Would you write out the entries below word for word, omitting the pictures?

::: DATA FOR THIS EXERCISE

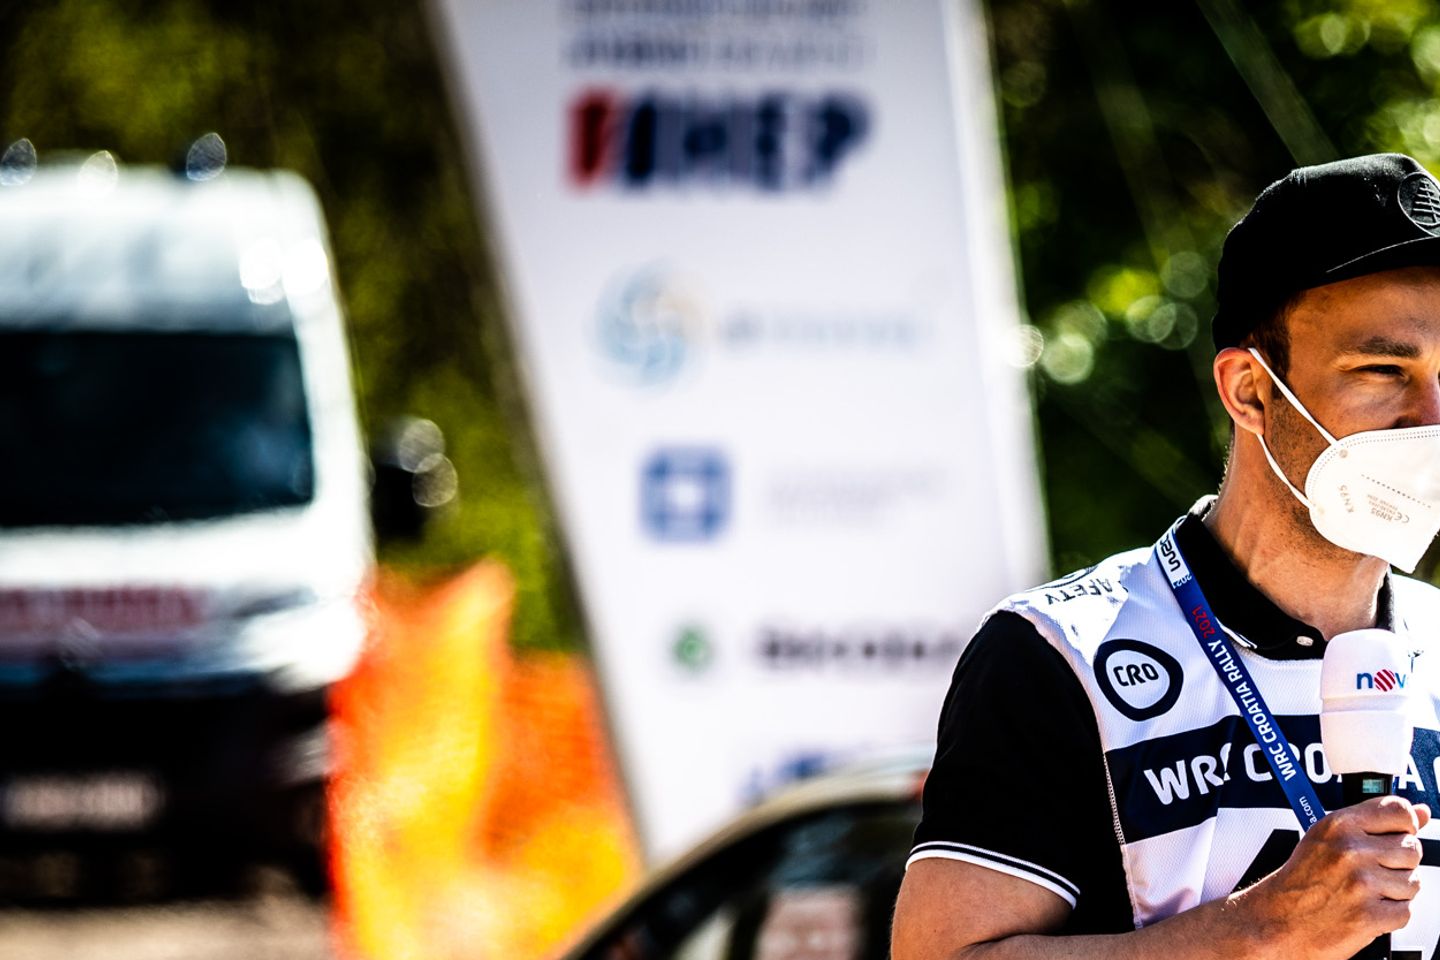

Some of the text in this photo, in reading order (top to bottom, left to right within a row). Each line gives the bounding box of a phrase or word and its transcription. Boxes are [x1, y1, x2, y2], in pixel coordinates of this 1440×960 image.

[1046, 577, 1127, 605] AFETY
[1113, 663, 1159, 688] CRO
[1356, 668, 1407, 692] nov
[1192, 604, 1297, 781] WRC CROATIA RALLY 2021

::::::

> RESULT BELOW:
Some of the text in this photo, in reading order (top to bottom, left to right within a row). Each line gives the bounding box of a phrase or word and its transcription. Boxes are [x1, y1, x2, y2], in pixel coordinates of this 1440×960 image.

[1046, 577, 1127, 605] AFETY
[1113, 663, 1159, 688] CRO
[1356, 668, 1407, 692] nov
[1192, 604, 1297, 781] WRC CROATIA RALLY 2021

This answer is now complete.